• [Stored data entries]
==================================================

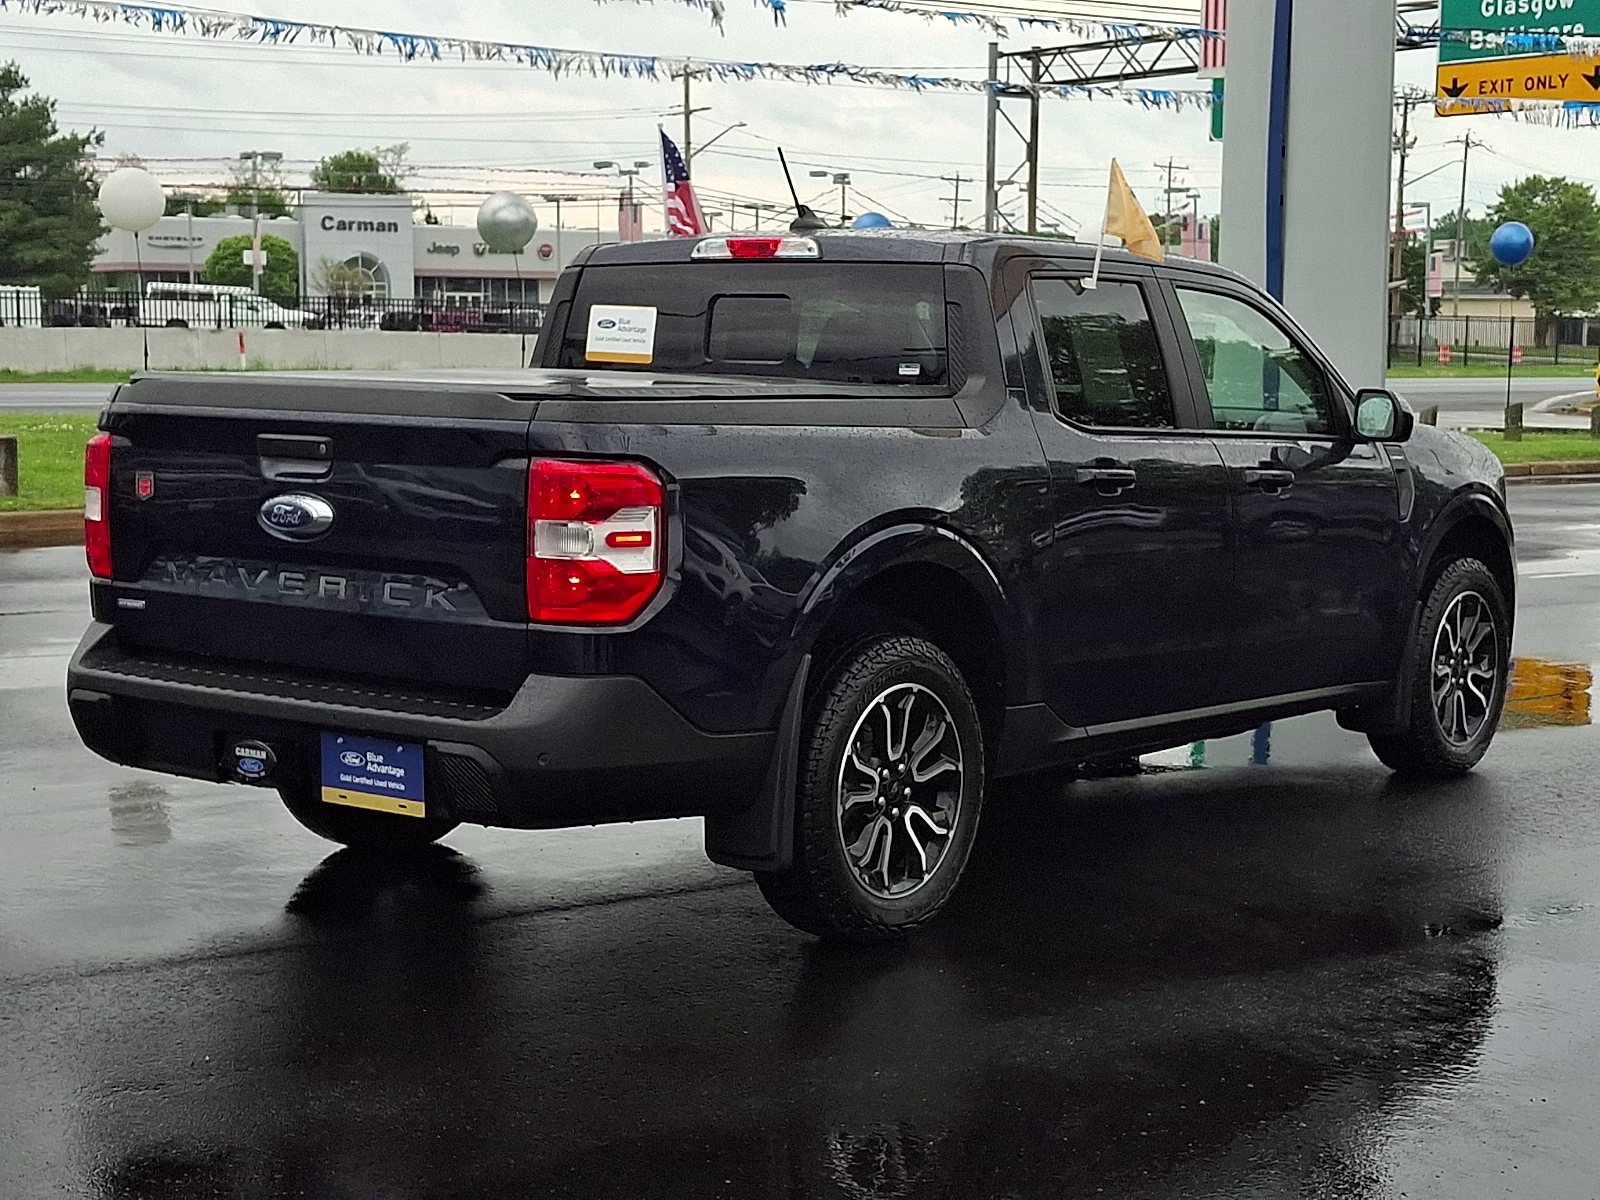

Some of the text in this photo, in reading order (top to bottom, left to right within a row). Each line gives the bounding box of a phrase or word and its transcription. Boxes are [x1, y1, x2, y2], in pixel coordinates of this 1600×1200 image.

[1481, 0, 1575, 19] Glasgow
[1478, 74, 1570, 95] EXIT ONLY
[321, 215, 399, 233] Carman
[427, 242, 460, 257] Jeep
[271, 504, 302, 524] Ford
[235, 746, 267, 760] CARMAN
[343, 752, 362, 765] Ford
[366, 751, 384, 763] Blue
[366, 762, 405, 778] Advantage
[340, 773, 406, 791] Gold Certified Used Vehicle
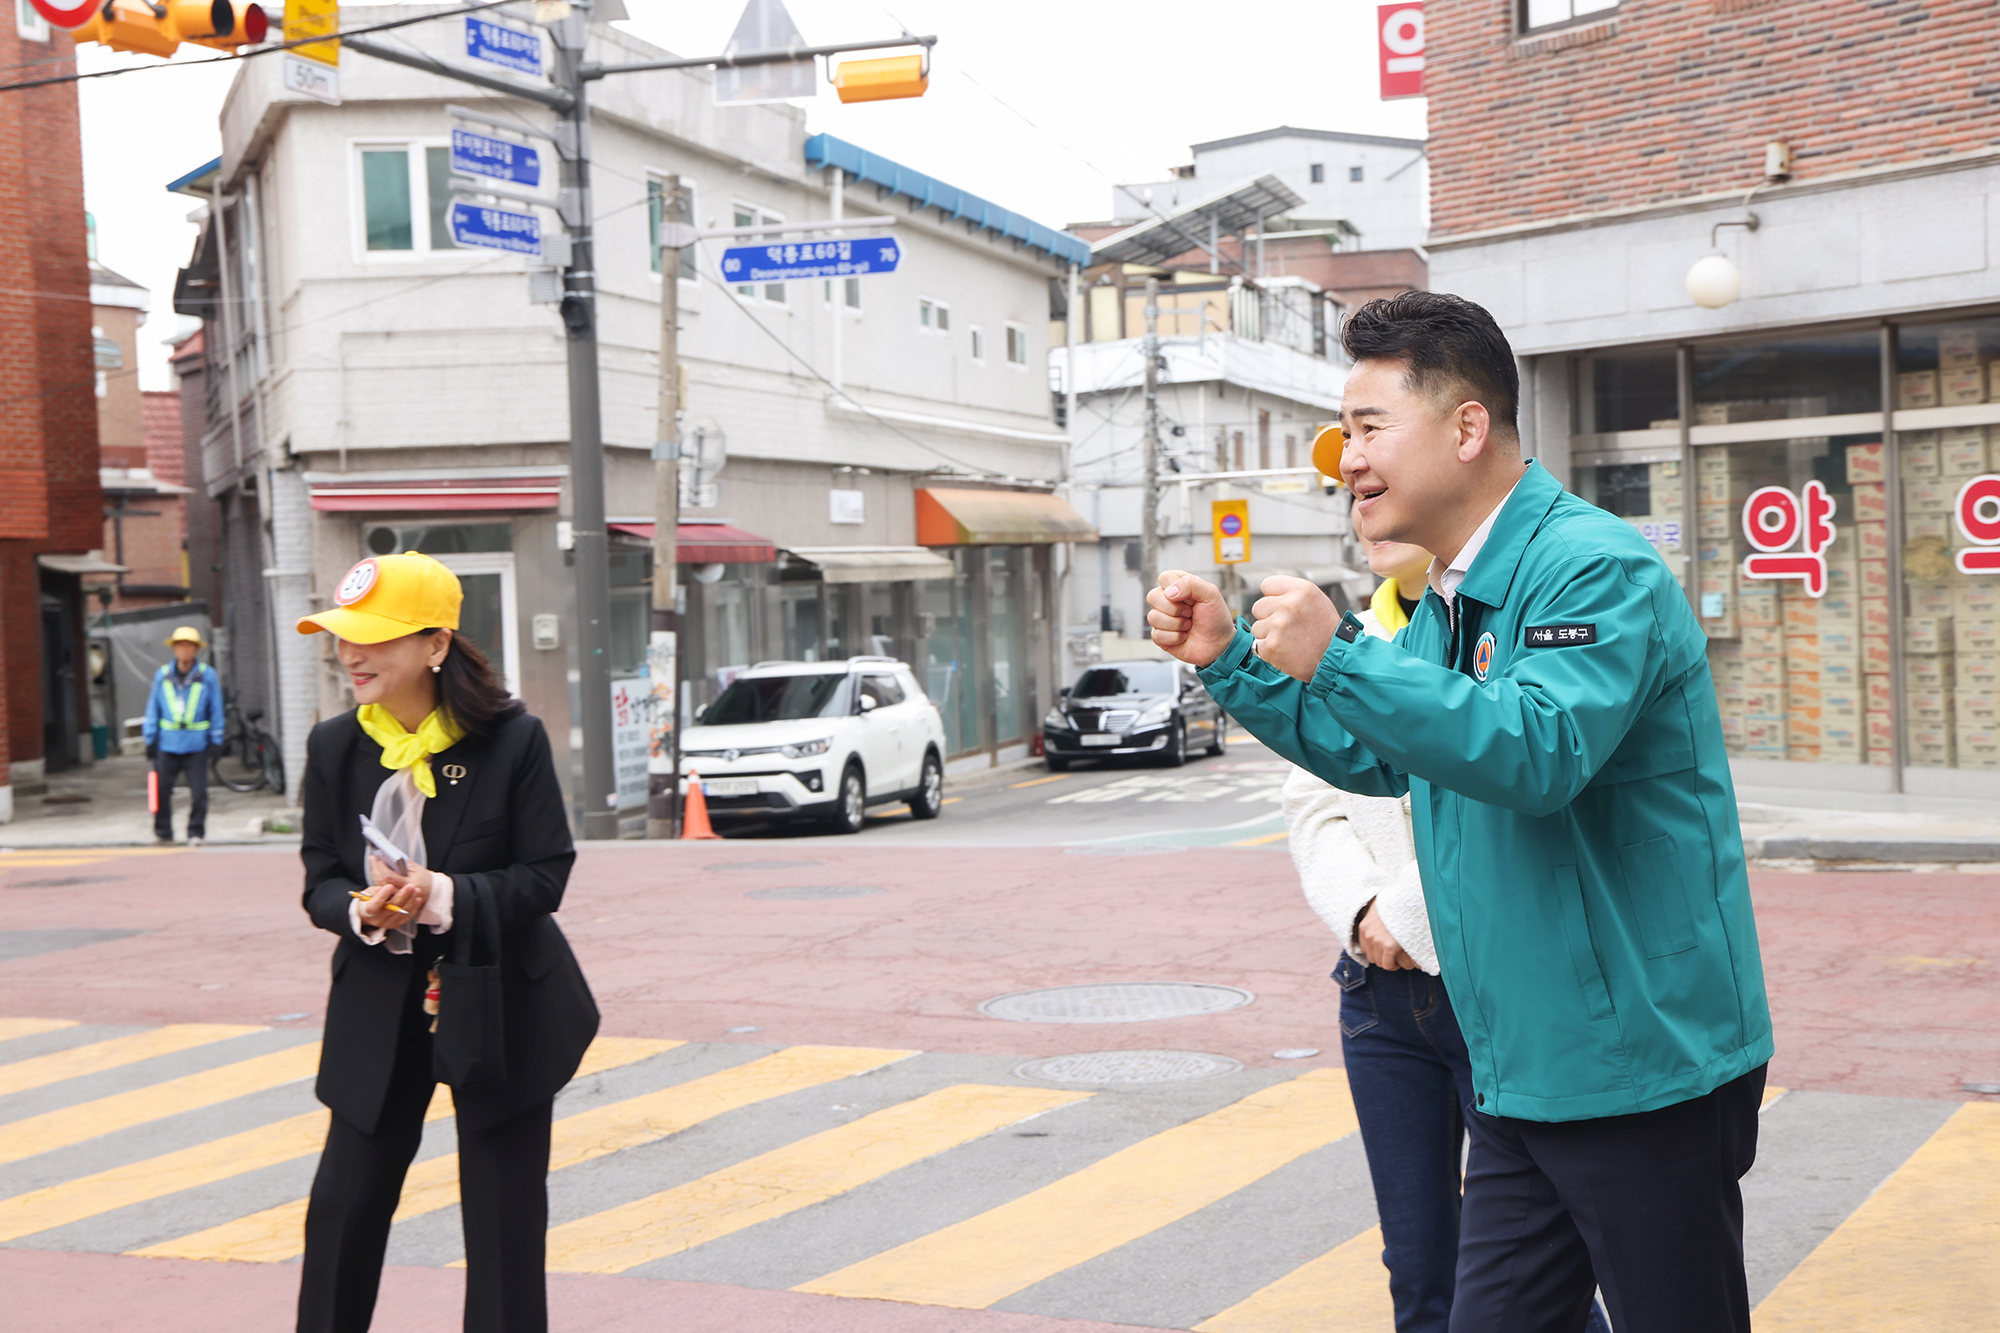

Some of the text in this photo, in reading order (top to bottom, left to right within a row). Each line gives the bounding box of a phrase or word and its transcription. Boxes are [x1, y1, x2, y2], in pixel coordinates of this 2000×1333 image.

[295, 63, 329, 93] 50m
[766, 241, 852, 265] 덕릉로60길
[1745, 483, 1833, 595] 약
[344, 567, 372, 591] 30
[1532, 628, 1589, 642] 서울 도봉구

==================================================

• [Task brief] The reply is to be all the records above, transcribed exactly, with no pictures.

• [Solution to this exercise]
Some of the text in this photo, in reading order (top to bottom, left to right within a row). Each line gives the bounding box of a phrase or word and its transcription. Boxes are [x1, y1, x2, y2], in pixel coordinates of this 1600×1200 image.

[1481, 0, 1575, 19] Glasgow
[1478, 74, 1570, 95] EXIT ONLY
[321, 215, 399, 233] Carman
[427, 242, 460, 257] Jeep
[271, 504, 302, 524] Ford
[235, 746, 267, 760] CARMAN
[343, 752, 362, 765] Ford
[366, 751, 384, 763] Blue
[366, 762, 405, 778] Advantage
[340, 773, 406, 791] Gold Certified Used Vehicle

Some of the text in this photo, in reading order (top to bottom, left to right within a row). Each line gives the bounding box of a phrase or word and its transcription. Boxes are [x1, y1, x2, y2], in pixel coordinates of this 2000×1333 image.

[295, 63, 329, 93] 50m
[766, 241, 852, 265] 덕릉로60길
[1745, 483, 1833, 595] 약
[344, 567, 372, 591] 30
[1532, 628, 1589, 642] 서울 도봉구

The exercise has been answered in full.